# Exercise goal
The pictures stay out. Please retype every line below exactly.

# Data to use

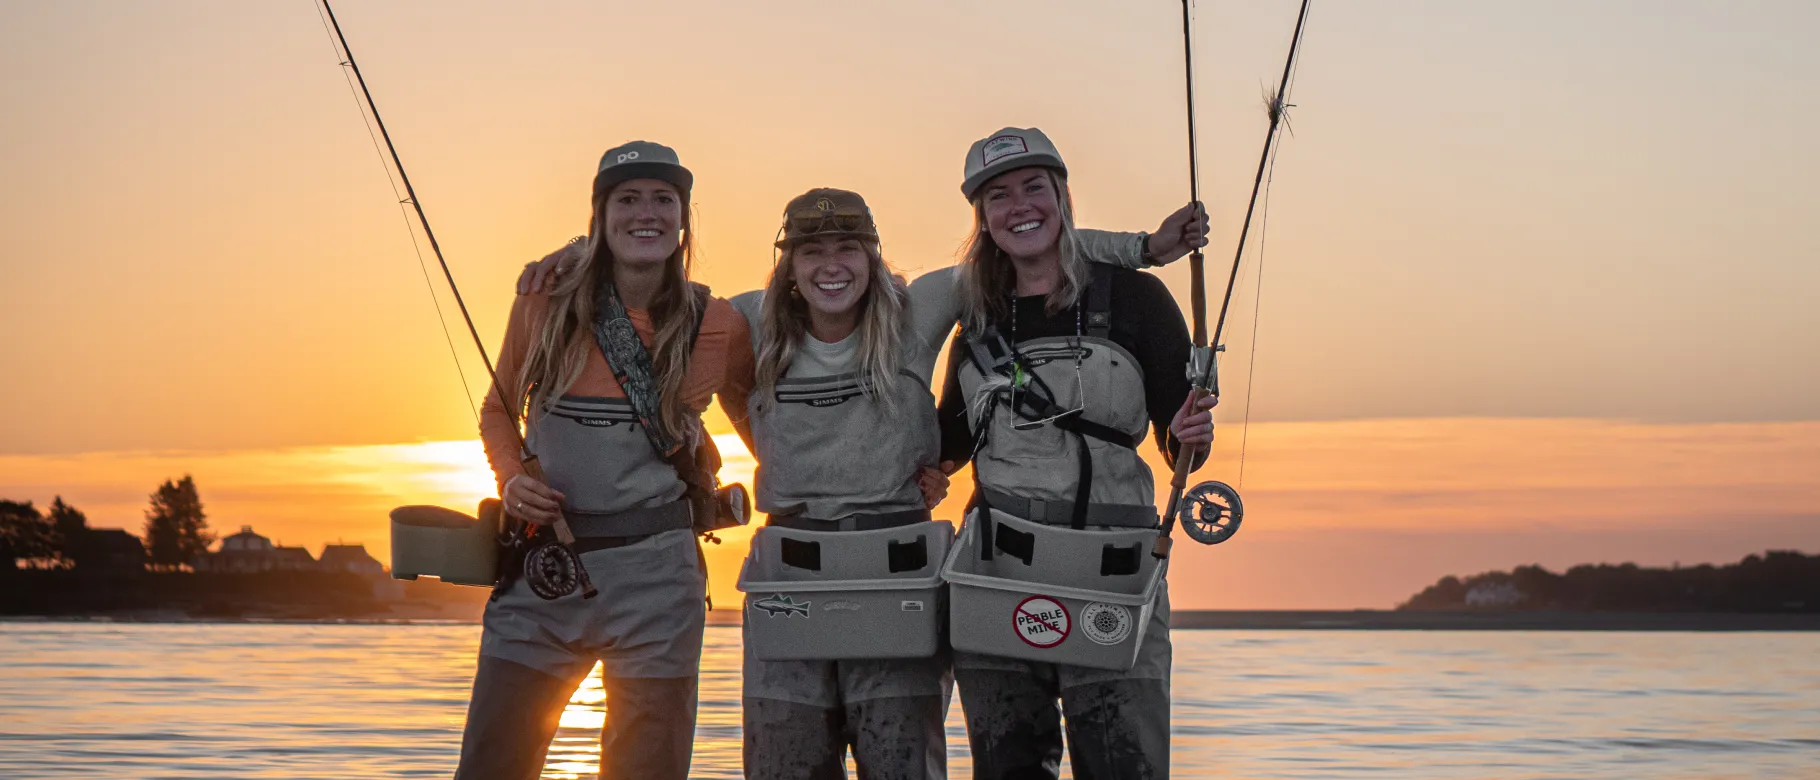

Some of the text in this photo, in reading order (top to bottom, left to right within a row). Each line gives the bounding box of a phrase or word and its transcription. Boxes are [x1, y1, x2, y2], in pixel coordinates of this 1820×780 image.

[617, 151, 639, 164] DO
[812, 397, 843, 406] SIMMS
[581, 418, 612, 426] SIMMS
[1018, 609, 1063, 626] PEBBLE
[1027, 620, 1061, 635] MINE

# Problem solution
Some of the text in this photo, in reading order (top to bottom, left to right within a row). Each line gives the bounding box of a phrase or word and its transcription. Boxes are [x1, y1, x2, y2], in pixel coordinates of this 1820×780 image.

[617, 151, 639, 164] DO
[812, 397, 843, 406] SIMMS
[581, 418, 612, 426] SIMMS
[1018, 609, 1063, 626] PEBBLE
[1027, 620, 1061, 635] MINE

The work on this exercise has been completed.